24. Vaidade Míope

19.09.2011

por Edmilson Lacerda

O contraponto de ideias é sempre rico. O debate aguerrido desperta sentimento e crava uma bandeira profunda na percepção de quem assiste ou participa. Se houver disposição para escutar tanto melhor, porque como diria Raul Seixas “Eu prefiro ser esta metamorfose ambulante do que ter aquela velha opinião formada sobre tudo”.

A partir do debate sempre surge algo novo e que pode representar em alguns casos uma convergência entre lados opostos. Trazendo a questão mais para o lado filosófico e lembrando Hegel e sua teoria sobre o que vem a ser dialética, diria que o resultado de um bom debate é a síntese do debate. Isto porque alguém sempre defende uma tese, que normalmente é a ideia dominante e aceita pela maioria, enquanto o outro lado vem com uma proposta nova que se contrapõe a tese. Este contraponto chama-se antítese.

A síntese é o clímax da discussão e sua razão de ser. Se a dialética, segundo os filósofos gregos, é a arte do diálogo, a síntese é o seu objetivo. No meio empresarial a síntese perfeita nas negociações se convencionou chamar de “ganha-ganha”.

Por que estou falando a respeito de contraponto de ideias? Porque considero inusitada a forma como um coordenador de curso de Publicidade participou de uma palestra sobre comunicação e gênero na Universidade Positivo. Visivelmente despreparado para ocupar o espaço que lhe foi destinado no evento, apesar de convidado justamente pela sua experiência em comunicação, deixou de lado a discussão de ideias para apresentar conceitos filosóficos abrangentes demais e que aparentavam certa desconexão com o tema proposto. Parecia que o discurso estava pronto e esperando uma oportunidade para ser utilizado.

Não bastasse esta demonstração de vaidade um tanto quanto míope, o tal coordenador, que é também professor na mesma instituição, sequer conseguiu apresentar convincentemente o que se propusera a expor. Ficou sentado e, pasmem, leu durante trinta minutos a sua “apresentação”. E quando chamado a responder perguntas, sem o seu script, se perdeu e deu respostas despreparadas e incoerentes.

Pegou mal! Havia uma platéia composta de professores, alunos e profissionais da comunicação. Fiquei imaginando o que os alunos mais críticos pensaram do seu coordenador. Sinceramente, se fosse aluno desta universidade e tivesse algum trabalho para apresentar durante este semestre, apresentaria sentado e lendo-o na íntegra. Se um coordenador de curso pode, aluno também pode.

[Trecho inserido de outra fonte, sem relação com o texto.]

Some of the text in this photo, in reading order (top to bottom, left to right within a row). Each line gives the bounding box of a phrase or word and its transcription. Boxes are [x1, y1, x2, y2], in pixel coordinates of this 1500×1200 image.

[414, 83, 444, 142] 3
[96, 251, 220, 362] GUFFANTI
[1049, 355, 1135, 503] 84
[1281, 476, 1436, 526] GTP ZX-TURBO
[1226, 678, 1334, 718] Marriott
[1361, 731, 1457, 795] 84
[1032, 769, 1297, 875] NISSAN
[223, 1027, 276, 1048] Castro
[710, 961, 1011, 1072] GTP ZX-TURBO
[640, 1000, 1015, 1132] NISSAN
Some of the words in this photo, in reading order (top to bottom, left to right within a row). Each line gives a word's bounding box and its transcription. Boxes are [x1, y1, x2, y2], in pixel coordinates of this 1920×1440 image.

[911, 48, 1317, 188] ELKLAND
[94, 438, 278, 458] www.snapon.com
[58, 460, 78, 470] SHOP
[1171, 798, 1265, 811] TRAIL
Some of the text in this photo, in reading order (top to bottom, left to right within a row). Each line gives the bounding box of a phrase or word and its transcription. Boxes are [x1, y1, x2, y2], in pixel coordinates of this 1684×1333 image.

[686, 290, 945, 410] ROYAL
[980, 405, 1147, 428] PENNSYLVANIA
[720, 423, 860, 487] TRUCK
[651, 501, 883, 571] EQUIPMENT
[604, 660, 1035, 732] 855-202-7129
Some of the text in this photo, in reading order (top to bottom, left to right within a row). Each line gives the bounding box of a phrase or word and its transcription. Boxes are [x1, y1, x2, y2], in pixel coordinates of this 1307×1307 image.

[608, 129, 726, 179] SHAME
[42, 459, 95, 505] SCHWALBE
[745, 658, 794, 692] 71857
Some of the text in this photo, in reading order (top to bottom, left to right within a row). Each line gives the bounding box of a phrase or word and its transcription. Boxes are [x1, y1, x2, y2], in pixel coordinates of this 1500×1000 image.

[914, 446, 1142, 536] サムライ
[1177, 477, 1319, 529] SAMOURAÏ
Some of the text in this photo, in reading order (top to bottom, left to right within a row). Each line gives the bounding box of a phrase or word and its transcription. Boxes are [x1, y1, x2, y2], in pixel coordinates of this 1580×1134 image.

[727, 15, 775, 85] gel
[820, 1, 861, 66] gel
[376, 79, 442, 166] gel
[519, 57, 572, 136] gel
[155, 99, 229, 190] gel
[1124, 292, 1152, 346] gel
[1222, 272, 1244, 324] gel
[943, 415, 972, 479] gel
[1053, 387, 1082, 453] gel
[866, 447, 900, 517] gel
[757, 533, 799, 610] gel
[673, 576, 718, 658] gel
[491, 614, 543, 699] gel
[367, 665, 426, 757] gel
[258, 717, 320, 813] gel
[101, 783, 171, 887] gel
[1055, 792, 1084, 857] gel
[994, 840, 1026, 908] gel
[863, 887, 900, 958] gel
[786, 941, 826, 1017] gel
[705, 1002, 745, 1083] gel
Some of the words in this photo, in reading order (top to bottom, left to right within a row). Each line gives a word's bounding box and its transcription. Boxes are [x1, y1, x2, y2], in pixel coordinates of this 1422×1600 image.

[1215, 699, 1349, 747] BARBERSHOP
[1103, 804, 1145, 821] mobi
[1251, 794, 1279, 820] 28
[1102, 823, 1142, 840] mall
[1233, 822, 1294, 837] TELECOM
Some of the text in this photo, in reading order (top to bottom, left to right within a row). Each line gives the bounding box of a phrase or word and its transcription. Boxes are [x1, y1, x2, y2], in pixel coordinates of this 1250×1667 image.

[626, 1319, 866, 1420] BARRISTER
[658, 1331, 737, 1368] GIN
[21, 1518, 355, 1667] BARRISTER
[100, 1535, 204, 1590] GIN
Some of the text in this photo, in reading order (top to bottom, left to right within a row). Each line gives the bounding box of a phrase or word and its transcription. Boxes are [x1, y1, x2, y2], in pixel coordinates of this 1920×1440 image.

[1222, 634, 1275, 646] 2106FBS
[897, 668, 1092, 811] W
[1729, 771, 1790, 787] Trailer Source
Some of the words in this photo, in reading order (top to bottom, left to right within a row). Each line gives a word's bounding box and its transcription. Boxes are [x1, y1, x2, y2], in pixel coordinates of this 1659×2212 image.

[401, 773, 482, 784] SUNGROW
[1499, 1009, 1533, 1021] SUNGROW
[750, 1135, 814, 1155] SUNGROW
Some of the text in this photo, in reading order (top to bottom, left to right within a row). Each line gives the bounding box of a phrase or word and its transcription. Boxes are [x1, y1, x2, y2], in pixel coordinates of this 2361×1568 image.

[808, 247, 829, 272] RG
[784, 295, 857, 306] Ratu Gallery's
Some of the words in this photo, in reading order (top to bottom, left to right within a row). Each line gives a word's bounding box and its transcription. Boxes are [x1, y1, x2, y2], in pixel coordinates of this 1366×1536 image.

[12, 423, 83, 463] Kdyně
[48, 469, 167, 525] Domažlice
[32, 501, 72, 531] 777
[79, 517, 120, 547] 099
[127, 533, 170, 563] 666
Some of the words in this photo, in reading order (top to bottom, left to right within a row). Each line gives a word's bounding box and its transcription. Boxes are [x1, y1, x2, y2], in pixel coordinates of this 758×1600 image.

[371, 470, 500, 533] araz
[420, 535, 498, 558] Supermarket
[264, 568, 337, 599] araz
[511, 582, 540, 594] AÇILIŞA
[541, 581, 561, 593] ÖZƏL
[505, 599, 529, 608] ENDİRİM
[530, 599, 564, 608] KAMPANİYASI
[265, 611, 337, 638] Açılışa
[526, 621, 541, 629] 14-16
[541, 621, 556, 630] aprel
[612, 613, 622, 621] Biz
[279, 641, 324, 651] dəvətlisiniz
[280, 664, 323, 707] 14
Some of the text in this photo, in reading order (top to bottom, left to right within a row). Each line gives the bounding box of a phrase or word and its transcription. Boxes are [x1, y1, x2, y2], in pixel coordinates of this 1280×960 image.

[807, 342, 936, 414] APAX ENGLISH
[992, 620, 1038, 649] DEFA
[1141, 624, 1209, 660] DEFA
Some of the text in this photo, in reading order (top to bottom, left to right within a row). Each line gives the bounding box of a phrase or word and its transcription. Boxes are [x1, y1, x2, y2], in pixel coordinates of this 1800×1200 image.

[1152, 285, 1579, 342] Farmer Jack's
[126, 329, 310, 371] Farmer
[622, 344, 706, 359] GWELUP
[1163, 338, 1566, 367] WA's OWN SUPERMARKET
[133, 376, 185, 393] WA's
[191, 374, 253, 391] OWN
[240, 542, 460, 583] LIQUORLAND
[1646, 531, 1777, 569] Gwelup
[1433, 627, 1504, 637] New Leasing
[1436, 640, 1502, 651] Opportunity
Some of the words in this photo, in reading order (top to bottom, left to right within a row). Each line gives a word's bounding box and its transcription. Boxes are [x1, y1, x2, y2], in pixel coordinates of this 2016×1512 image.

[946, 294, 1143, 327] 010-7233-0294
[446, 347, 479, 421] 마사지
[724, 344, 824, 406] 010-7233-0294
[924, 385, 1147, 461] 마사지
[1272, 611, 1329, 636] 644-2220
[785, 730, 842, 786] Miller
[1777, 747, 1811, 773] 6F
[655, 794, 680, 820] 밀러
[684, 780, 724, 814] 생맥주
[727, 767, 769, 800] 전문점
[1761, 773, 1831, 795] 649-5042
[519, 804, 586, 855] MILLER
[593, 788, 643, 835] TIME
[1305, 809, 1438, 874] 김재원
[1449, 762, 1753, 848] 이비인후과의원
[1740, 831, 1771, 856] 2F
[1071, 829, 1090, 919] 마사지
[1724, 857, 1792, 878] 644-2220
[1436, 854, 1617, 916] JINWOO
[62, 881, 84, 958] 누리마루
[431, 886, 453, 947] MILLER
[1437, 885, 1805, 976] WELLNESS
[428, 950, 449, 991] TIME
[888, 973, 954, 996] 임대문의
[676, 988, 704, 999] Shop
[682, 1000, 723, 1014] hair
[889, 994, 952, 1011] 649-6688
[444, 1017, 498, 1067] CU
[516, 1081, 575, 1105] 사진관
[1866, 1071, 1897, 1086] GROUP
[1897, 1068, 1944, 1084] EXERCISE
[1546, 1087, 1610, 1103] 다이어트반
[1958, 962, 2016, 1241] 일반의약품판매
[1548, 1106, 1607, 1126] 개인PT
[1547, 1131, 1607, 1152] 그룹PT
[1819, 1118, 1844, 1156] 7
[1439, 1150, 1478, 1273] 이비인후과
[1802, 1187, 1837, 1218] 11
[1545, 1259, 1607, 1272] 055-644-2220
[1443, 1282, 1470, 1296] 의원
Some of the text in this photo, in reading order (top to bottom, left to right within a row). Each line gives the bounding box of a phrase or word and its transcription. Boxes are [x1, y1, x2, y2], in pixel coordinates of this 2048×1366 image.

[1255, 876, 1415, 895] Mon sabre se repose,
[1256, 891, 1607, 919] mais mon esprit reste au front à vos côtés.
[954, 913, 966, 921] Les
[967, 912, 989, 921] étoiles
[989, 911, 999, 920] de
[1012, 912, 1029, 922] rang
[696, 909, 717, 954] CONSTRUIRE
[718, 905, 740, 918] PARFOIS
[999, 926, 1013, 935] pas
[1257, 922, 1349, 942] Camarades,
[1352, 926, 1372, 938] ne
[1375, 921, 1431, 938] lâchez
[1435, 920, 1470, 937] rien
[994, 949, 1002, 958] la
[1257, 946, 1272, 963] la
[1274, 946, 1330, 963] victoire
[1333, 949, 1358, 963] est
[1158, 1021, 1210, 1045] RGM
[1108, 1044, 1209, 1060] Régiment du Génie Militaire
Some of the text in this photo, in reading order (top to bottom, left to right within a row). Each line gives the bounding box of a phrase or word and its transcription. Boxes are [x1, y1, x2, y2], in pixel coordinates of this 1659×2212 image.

Desta forma não houve realmente debate. Foi uma palestra competentemente apresentada pela Rachel Moreno, esta sim convincente e preparada, com uma linha de raciocínio muito clara. A abordagem utilizada foi uma antítese do que temos hoje em relação à imagem da mulher na mídia e na sociedade e padrões irreais de beleza, questionando o papel exercido pela mulher na publicidade e no jornalismo.

A universidade ficou devendo um debatedor à altura das credenciais da Rachel, para que ficasse completa a dialética do tema, e quem sabe tivéssemos presenciado o surgimento de propostas convergentes entre discussão de gênero e comunicação, para que os estudantes ali presentes pudessem ter um lastro de apoio quando o tema fosse abordado em suas futuras atividades profissionais.